The WIRED Survey. I. A Bright IR Excess due to Dust Around the Heavily Polluted White Dwarf Galex J193156.8+011745

Abstract

With the launch of the Wide-Field Infrared Survey Explorer (WISE), a new era of detecting planetary debris around white dwarfs (WDs) has begun with the WISE InfraRed Excesses around Degenerates (WIRED) Survey. The WIRED survey will be sensitive to substellar objects and dusty debris around WDs out to distances exceeding 100 pc, well beyond the completeness level of local WDs and covering a large fraction of known WDs detected with the SDSS DR4 WD catalog. In this paper, we report an initial result of the WIRED survey, the detection of the heavily polluted hydrogen WD (spectral type DAZ) GALEX J193156.8+011745 at 3.35 and 4.6 μm. We find that the excess is consistent with either a narrow dusty ring with an inner radius of 29 RWD, outer radius of 40 RWD, and a face-on inclination, or a disk with an inclination of 70◦, an inner radius of 23 RWD, and an outer radius of 80 RWD. We also report initial optical spectroscopic monitoring of several metal lines present in the photosphere and find no variability in the line strengths or radial velocities of the lines. We rule out all but planetary mass companions to GALEX1931 out to 0.5 AU.

Additional Information

© 2011 American Astronomical Society. Received 2010 October 15; accepted 2010 December 19; published 2011 February 3. Based on data gathered with the 6.5 m Magellan Telescopes located at Las Campanas Observatory, Chile.

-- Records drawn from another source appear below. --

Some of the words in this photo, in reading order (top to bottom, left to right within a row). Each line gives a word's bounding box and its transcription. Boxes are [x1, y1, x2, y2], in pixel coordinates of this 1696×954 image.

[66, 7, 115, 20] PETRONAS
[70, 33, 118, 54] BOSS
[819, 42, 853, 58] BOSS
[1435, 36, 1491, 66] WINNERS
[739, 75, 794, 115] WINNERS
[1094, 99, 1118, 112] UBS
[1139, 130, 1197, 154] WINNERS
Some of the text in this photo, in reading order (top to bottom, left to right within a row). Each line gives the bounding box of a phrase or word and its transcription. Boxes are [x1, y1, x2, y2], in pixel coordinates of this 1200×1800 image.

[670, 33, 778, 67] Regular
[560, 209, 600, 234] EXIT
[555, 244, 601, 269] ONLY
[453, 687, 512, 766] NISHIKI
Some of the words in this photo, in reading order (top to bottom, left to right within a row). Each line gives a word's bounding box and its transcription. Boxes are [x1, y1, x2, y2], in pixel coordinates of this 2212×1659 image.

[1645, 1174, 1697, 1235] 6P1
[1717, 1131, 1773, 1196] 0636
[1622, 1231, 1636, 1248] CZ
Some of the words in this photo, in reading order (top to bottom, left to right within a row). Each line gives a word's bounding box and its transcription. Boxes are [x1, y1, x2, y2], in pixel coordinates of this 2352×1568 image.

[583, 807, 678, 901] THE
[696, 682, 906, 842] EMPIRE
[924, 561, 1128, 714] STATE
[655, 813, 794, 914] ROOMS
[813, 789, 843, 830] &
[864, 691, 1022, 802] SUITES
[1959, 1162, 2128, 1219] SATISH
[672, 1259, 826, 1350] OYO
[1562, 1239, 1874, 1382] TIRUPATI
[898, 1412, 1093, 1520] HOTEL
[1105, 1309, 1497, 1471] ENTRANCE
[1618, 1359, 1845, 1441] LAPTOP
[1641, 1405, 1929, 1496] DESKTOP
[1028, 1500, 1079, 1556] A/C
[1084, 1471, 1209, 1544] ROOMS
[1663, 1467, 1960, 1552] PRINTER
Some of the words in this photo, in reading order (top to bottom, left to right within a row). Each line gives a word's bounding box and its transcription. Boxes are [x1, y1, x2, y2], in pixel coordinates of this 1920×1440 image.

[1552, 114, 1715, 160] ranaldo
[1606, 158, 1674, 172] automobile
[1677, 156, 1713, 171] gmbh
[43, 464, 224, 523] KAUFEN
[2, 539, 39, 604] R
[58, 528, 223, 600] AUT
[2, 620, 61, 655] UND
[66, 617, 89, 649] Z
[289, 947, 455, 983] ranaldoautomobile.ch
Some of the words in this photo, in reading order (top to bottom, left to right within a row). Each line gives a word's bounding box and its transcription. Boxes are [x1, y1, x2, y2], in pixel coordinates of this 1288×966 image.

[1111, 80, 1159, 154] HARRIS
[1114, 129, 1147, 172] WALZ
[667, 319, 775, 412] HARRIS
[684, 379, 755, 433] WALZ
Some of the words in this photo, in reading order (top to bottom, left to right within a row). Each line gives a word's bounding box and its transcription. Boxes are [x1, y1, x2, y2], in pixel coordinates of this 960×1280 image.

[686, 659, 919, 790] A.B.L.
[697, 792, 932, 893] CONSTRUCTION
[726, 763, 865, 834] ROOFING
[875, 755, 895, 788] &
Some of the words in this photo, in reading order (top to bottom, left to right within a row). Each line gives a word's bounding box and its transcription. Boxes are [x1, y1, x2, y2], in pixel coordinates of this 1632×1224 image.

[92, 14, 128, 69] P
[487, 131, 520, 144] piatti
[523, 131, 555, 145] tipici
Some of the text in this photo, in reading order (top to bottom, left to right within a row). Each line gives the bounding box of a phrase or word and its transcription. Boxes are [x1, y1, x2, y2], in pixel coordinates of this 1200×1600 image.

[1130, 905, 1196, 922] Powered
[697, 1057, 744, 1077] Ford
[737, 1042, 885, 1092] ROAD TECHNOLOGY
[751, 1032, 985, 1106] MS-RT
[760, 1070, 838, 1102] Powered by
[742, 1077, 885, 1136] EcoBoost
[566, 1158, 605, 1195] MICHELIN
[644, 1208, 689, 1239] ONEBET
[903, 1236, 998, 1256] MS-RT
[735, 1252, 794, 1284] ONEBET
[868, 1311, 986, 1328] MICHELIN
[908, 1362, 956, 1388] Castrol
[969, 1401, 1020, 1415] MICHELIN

This research was supported by an appointment to the NASA Postdoctoral Program at the Goddard Space Flight Center, administered by Oak Ridge Associated Universities through a contract with NASA. This work is based on data obtained from (1) the Wide-Field Infrared Survey Explorer, which is a joint project of the University of California, Los Angeles, and the Jet Propulsion Laboratory (JPL), California Institute of Technology (Caltech), funded by the National Aeronautics and Space Administration (NASA); (2) the Two Micron All Sky Survey, a joint project of the University of Massachusetts and the Infrared Processing and Analysis Center (IPAC)/Caltech, funded by NASA and the National Science Foundation; (3) the Hale Telescope, Palomar Observatory, as part of a continuing collaboration between Caltech, NASA/JPL, and Cornell University; (4) the 6.5 m Magellan Telescopes located at Las Campanas Observatory, Chile; (5) the ESO Telescopes at the La Silla or Paranal Observatories; (6) the SIMBAD database, operated at CDS, Strasbourg, France; and (7) the NASA/IPAC Infrared Science Archive, which is operated by JPL, Caltech, under a contract with NASA. We thank D. Steeghs for obtaining spectra of GALEX1931 on July 7–8 and N. Morrell for obtaining spectra of GALEX1931 on August 2–3.M.C. thanks NASA for supporting his participation in this work through UCLA Sub- Award 1000-S-MA756 with a UCLA FAU 26311 to MIRA.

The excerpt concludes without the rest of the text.